Web archiving using Google Chrome
https://6xq.net/crocoite/
MIT License
42 stars 7 forks source link

Also download M3U8 content #22

Open eSoares opened 5 years ago

eSoares commented 5 years ago

In some websites that embed videos, the video is loaded using HTTP Live Streaming (HLS).

The process from the point of view of the web site creator is quite simple, they create a M3U8 playlist that describes the different segments of the video, and use the playlist as source in the HTML video element. The first step is usually automatically done by the encoder, FFMPEG has support for this.

There are some characteristics to take in to account, such as the M3U8 playlist describes a live stream or VOD and different quality levels available for adaptability.

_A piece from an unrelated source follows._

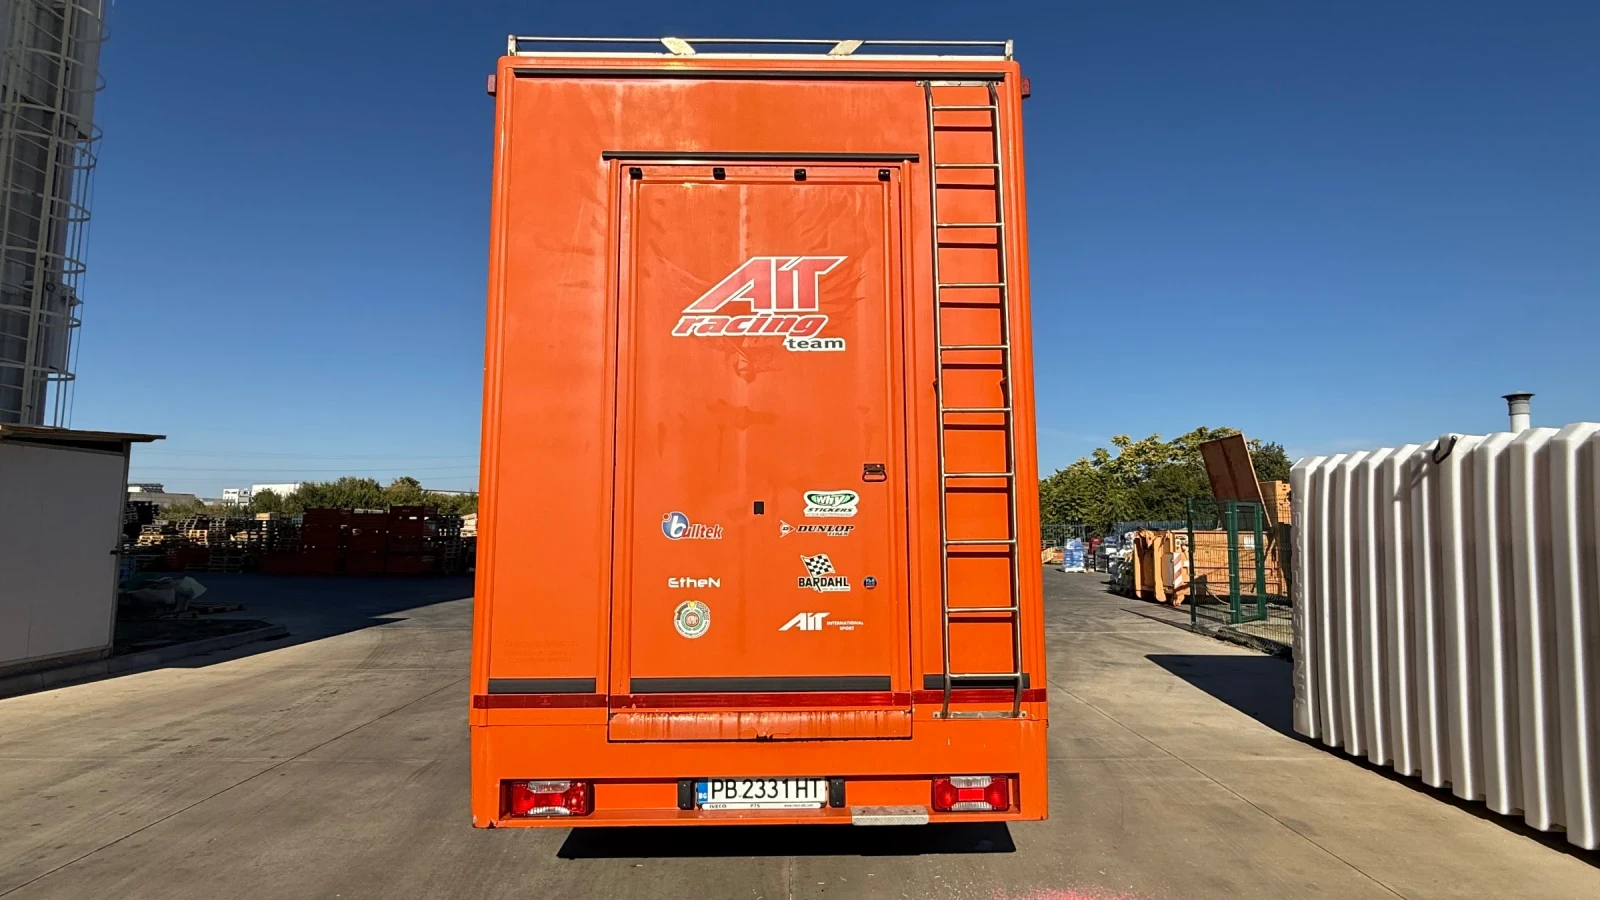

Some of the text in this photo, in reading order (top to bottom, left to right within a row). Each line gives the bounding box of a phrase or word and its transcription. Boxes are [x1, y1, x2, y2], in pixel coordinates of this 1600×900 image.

As a minimum and by default, download the highest quality should be an acceptable implementation. But a better approach would be giving option to download all qualities, highest only or don't download the M3U8 playlist referenced media.

This would bring support for all websites that have content distributed using HLS, Twitter posts with videos are an example.

eSoares commented 5 years ago

I have been looking at the different implementations possibilites, and hame some notes that can help to someone who wants to implement this. Unfortunately I'm not skilled enough nor have the time to master it, at the moment, to implement in the current project a good solution.

Some possible implementations notes:

  1. One possible approach is implement a behaviour, similar to ExtractLinks, that extracts M3U8 media segments. The JS in the browser could use something like (this parser)[https://github.com/globocom/m3u8].

  2. An alternative approach is when processing the content downloader by the browser, if the content is a M3U8 playlist, parse it and download the content.

  3. Make an extra step/tool to read warc files and for each M3U8 playlist there, download the media content, append it to the warc (or generate a new warc with the same requests as the original warc + the media content).

In my opinion, solution 1 is the cleanest. Solution 3 is the dirtiest since downloads related content at two different points in time.

PromyLOPh commented 5 years ago

I wouldn’t consider option 3 “dirty”. In fact, it’s pretty clean and you can easily add a conversion record to the WARC containing the full video downloaded by, say “youtube-dl”, and referencing the original M3U8. Another option would be to click all play buttons for <video> and <audio> tags, wait until every one of those finishes playing, limit the network speed, rinse and repeat.

eSoares commented 5 years ago

The option 3 can be easily implemented using FFMPEG, the download of the various elements and the complete media record output. The only missing piece is appending the content to the warc file.

The latest option "clicking all play buttons" is the closest to the normal web browsing execution. But is the slowest, since the browser downloads media on demand and would take the time of the slowest media in the page. On the upside, would be generic across all media types.

Ofc, all option need to be careful about encounter live-streams that never end.